(Extracted records):
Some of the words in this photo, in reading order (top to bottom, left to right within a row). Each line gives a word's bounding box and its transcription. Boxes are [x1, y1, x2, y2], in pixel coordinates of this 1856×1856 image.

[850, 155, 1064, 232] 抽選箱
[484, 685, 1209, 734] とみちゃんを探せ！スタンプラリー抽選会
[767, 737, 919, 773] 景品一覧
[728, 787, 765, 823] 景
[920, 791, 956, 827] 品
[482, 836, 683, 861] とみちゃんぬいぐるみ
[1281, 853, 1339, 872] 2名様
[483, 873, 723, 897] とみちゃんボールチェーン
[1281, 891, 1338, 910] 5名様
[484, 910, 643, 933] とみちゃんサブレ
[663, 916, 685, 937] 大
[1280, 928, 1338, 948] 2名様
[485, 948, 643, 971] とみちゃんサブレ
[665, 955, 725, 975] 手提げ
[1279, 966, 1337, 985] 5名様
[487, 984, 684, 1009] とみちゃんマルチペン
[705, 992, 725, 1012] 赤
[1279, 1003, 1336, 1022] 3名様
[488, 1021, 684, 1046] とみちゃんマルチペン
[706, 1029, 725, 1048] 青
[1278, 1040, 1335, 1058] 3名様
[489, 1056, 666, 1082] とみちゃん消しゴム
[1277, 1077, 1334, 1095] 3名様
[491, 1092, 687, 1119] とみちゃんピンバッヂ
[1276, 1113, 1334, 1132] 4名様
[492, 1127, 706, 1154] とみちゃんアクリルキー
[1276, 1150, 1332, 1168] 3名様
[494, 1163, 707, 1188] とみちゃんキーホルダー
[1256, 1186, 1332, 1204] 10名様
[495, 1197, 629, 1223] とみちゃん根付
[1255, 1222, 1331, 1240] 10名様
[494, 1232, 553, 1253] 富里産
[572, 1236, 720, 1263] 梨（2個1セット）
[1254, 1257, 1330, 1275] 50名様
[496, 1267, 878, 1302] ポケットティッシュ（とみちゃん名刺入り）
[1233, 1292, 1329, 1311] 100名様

(How to complete this task):
Number of lines in the records above holding the word "とみちゃんサブレ": state it and nothing else.

(Response to the task):
2